Deze activiteiten, waarin innovatiebevorderende maatregelen zullen worden opgenomen, worden uitgevoerd door gebruik te maken van een reeks instrumenten, de hieronder beschreven zogenoemde "OTO-werkzaamheden onder contract", waaraan de Gemeenschap financieel zal bijdragen. Tevens zal de Gemeenschap activiteiten ontplooien die door het GCO worden geïmplementeerd, "eigen werkzaamheden" genoemd.

1. INSTRUMENTEN

Inleiding

Een instrument ter uitvoering van een werkzaamheid moet in verhouding staan tot de reikwijdte en de doelstellingen van de betrokken onderzoeksactiviteit en zal, in voorkomend geval, de opvattingen van de onderzoeksgemeenschap in acht nemen. Zo kan de omvang van een werkzaamheid variëren naar gelang van de thema's en onderwerpen waarop zij betrekking heeft, afhankelijk van de kritische massa van deskundigheid die nodig is om een Europese toegevoegde waarde te verkrijgen en de verwachte resultaten te boeken. In sommige gevallen kan dit worden bereikt door werkzaamheden die op verschillende aspecten van eenzelfde doelstelling zijn gericht, te bundelen.

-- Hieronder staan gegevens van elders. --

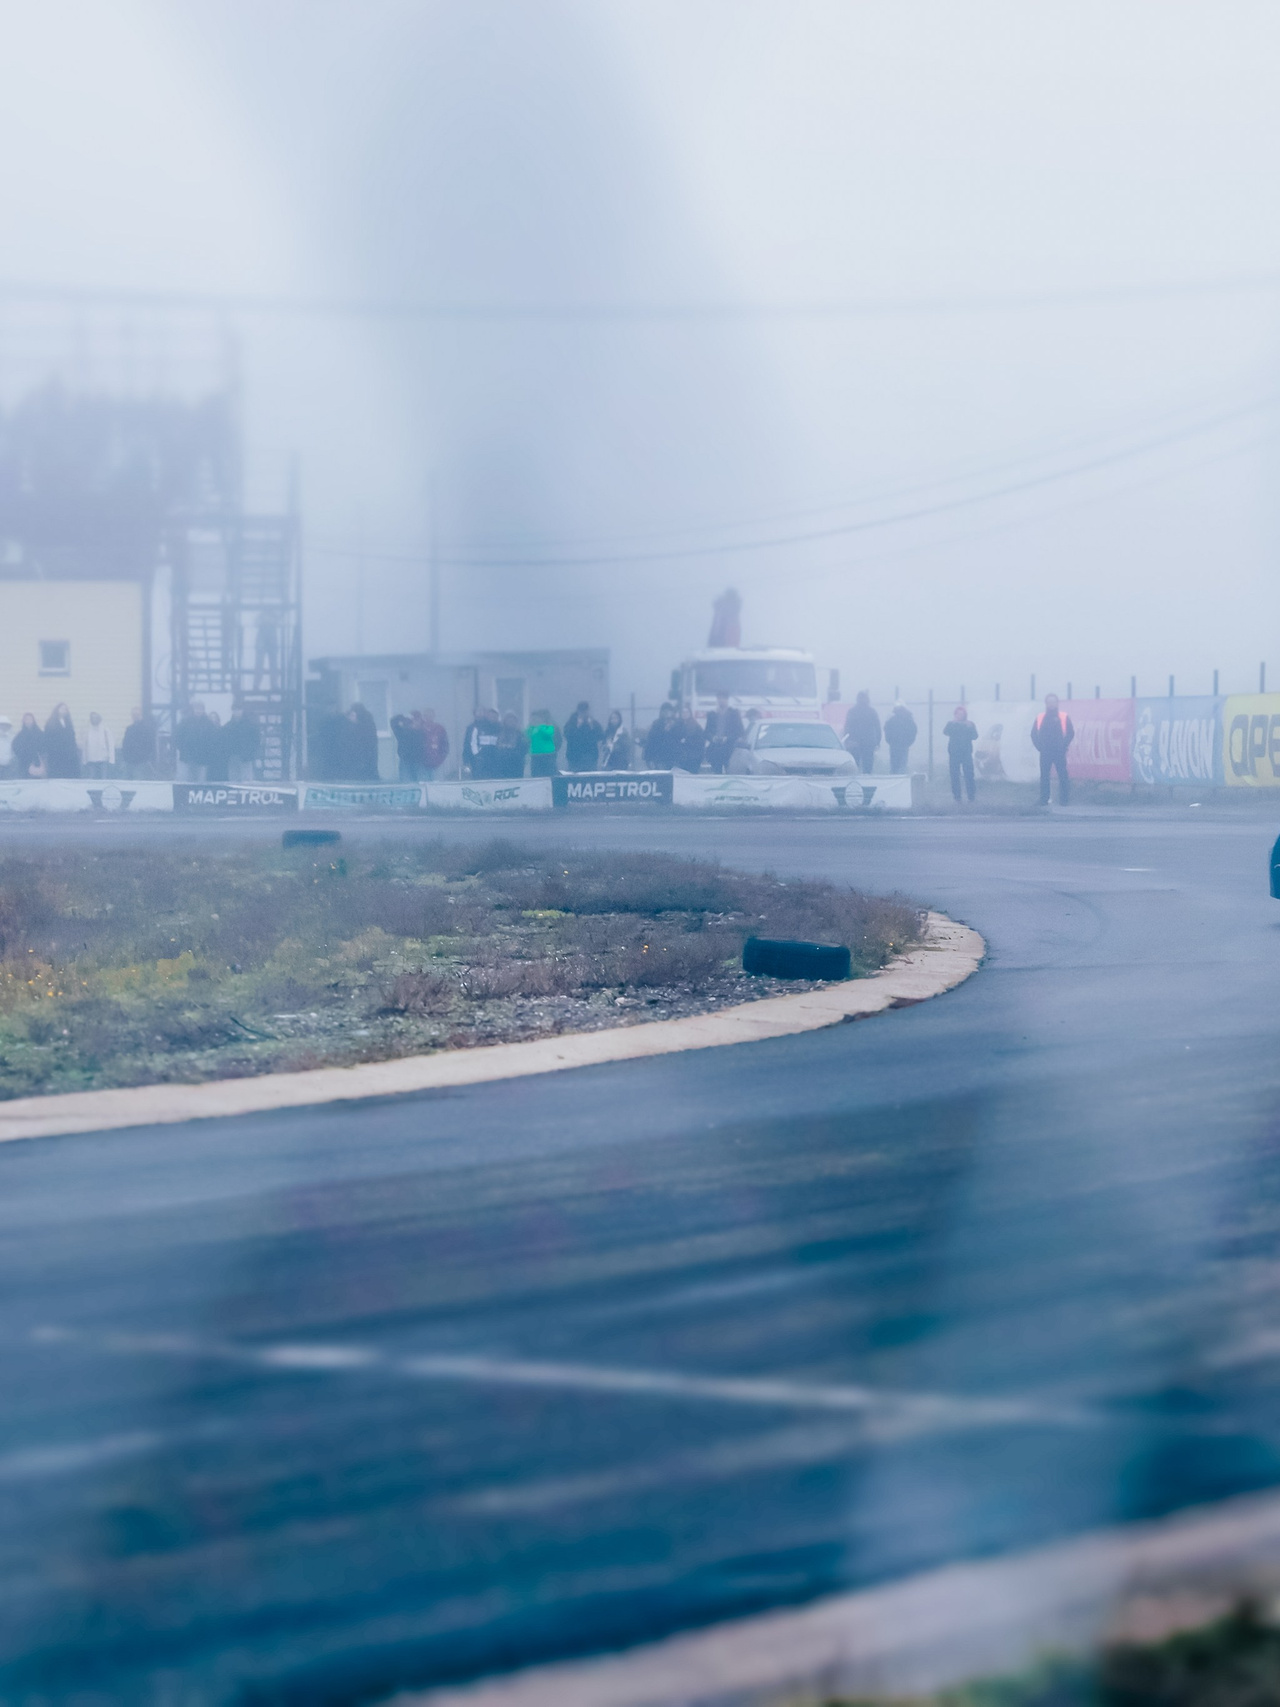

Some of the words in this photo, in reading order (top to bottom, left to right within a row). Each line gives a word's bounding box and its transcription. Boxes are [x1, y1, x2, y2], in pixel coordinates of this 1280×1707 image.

[1159, 718, 1216, 779] RAVON
[188, 789, 284, 804] MAPETROL
[567, 781, 663, 798] MAPETROL
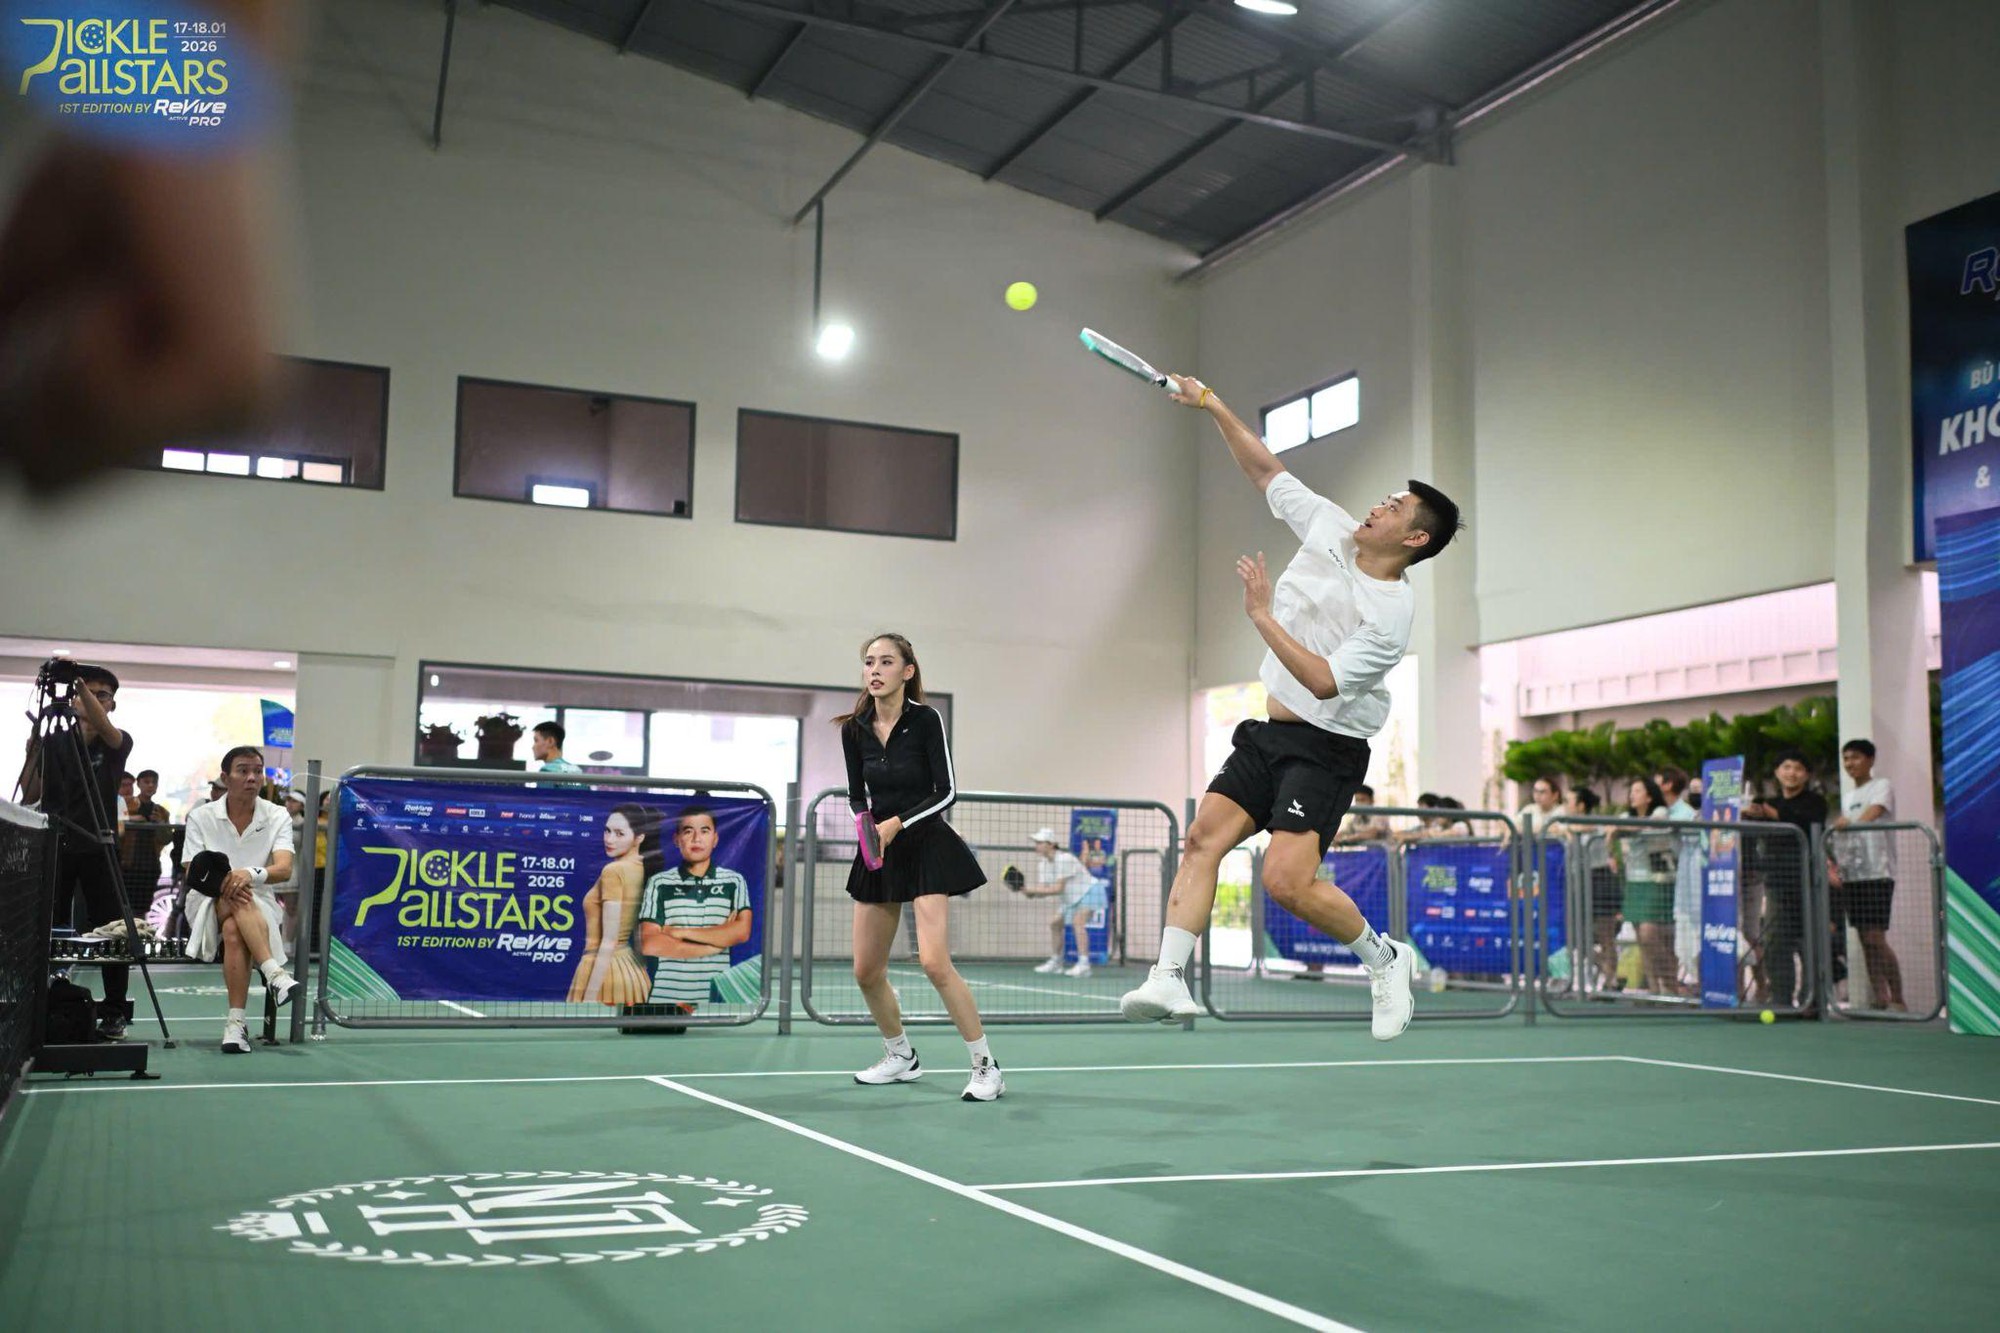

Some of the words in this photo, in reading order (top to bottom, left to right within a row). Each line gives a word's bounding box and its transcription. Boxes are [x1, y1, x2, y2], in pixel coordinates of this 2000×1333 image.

[521, 856, 575, 870] 17-18.01
[528, 875, 565, 888] 2026
[397, 936, 420, 948] 1ST
[421, 936, 477, 948] EDITION
[477, 936, 495, 949] BY
[532, 952, 565, 963] PRO

Bij alle instrumenten dienen, in voorkomend geval, universiteiten of hogeronderwijsinstellingen van vergelijkbaar niveau, onderzoeksorganisaties of bedrijven, inclusief het MKB, te worden ingeschakeld. Het kan gaan om activiteiten die verband houden met de verspreiding, overdracht en benutting van kennis, maar ook om een analyse of een evaluatie van de economische en sociale impact van de betrokken technologieën en van de factoren die betrokken zijn bij de geslaagde uitvoering daarvan.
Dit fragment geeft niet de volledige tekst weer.